## Provided records
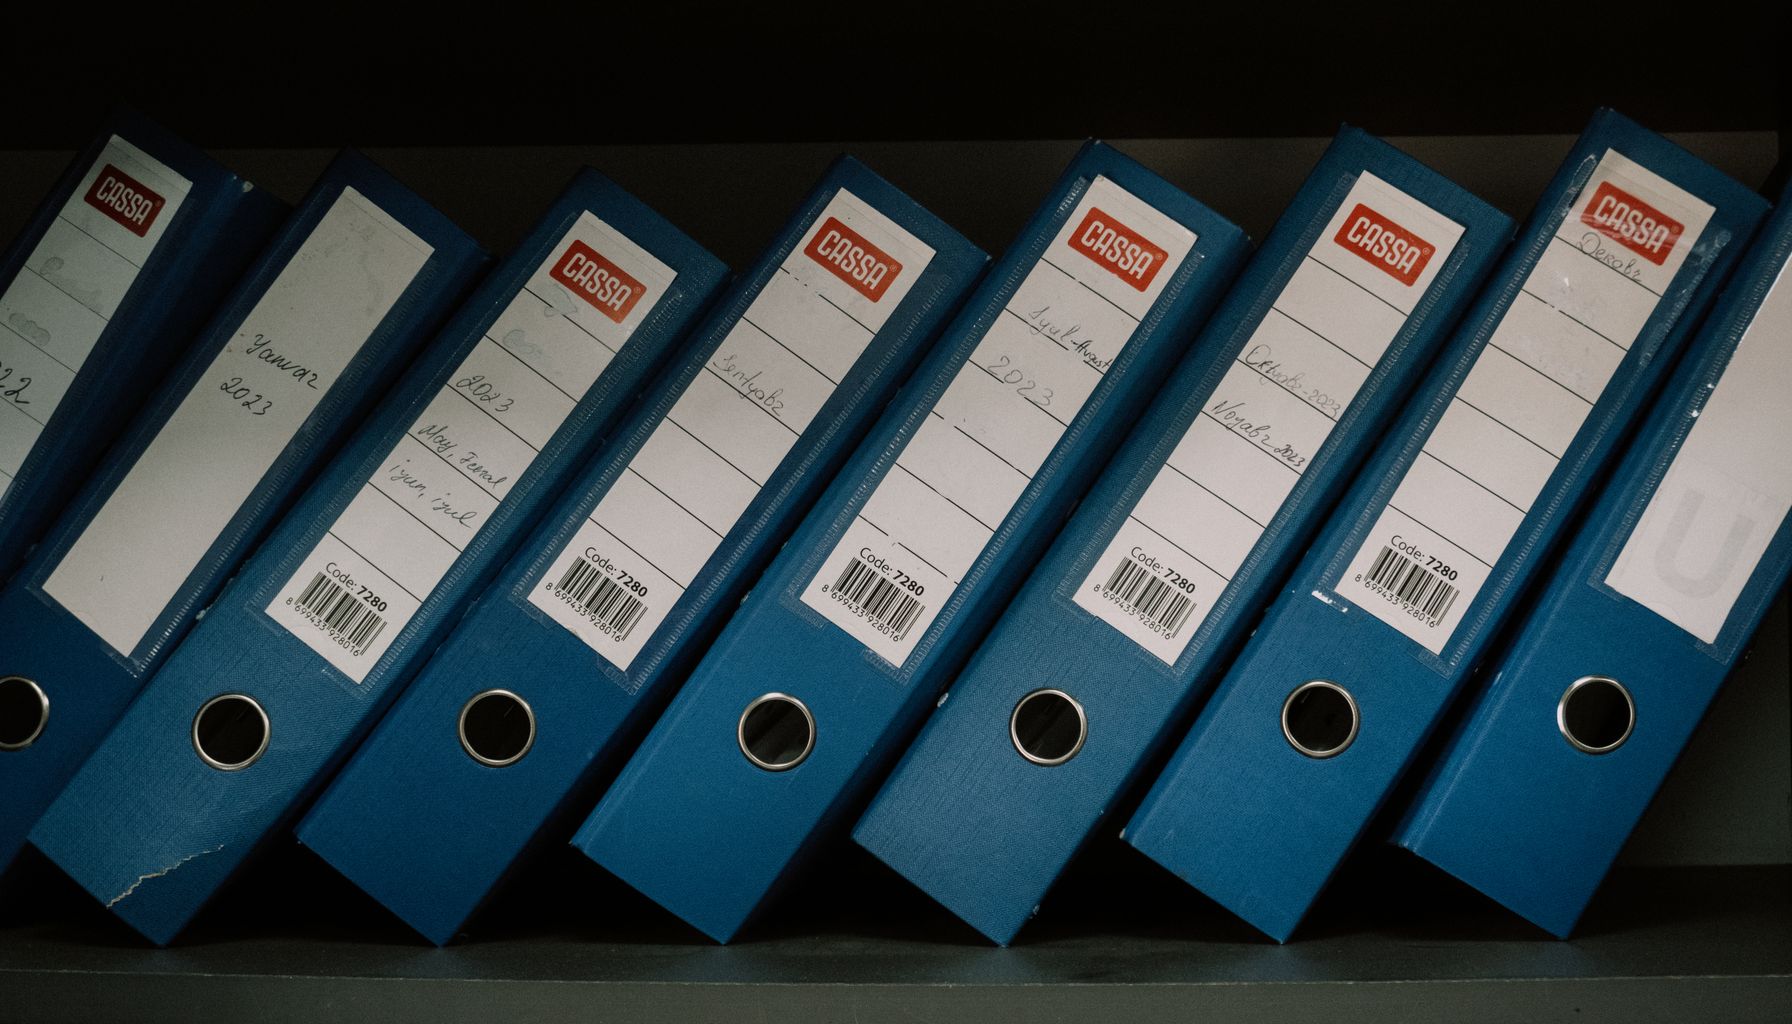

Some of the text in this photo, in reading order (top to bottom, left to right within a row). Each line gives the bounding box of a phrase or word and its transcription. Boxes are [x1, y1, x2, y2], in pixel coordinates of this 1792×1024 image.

[96, 176, 153, 226] CASSA
[1593, 194, 1671, 254] CASSA
[816, 229, 888, 291] CASSA
[1080, 220, 1154, 280] CASSA
[1346, 216, 1421, 275] CASSA
[562, 252, 633, 312] CASSA
[220, 377, 273, 416] 2023
[455, 374, 515, 413] 2023
[987, 355, 1054, 407] 2023
[585, 546, 648, 597] Code: 7280
[860, 547, 925, 596] Code: 7280
[1131, 546, 1196, 594] Code: 7280
[1391, 535, 1458, 582] Code: 7280
[325, 562, 388, 612] Code: 7280
[545, 582, 621, 642] 8 699433 928016
[821, 584, 900, 642] 8 699433 928016
[1093, 583, 1171, 640] 8 699433 928016
[1354, 573, 1436, 628] 8 699433 928016
[285, 597, 361, 657] 8 699433 928016

## Exercise brief
Every line of the listing above is to be retyped exactly, but the pictures are to be dropped.

## Response area
Some of the text in this photo, in reading order (top to bottom, left to right within a row). Each line gives the bounding box of a phrase or word and its transcription. Boxes are [x1, y1, x2, y2], in pixel coordinates of this 1792×1024 image.

[96, 176, 153, 226] CASSA
[1593, 194, 1671, 254] CASSA
[816, 229, 888, 291] CASSA
[1080, 220, 1154, 280] CASSA
[1346, 216, 1421, 275] CASSA
[562, 252, 633, 312] CASSA
[220, 377, 273, 416] 2023
[455, 374, 515, 413] 2023
[987, 355, 1054, 407] 2023
[585, 546, 648, 597] Code: 7280
[860, 547, 925, 596] Code: 7280
[1131, 546, 1196, 594] Code: 7280
[1391, 535, 1458, 582] Code: 7280
[325, 562, 388, 612] Code: 7280
[545, 582, 621, 642] 8 699433 928016
[821, 584, 900, 642] 8 699433 928016
[1093, 583, 1171, 640] 8 699433 928016
[1354, 573, 1436, 628] 8 699433 928016
[285, 597, 361, 657] 8 699433 928016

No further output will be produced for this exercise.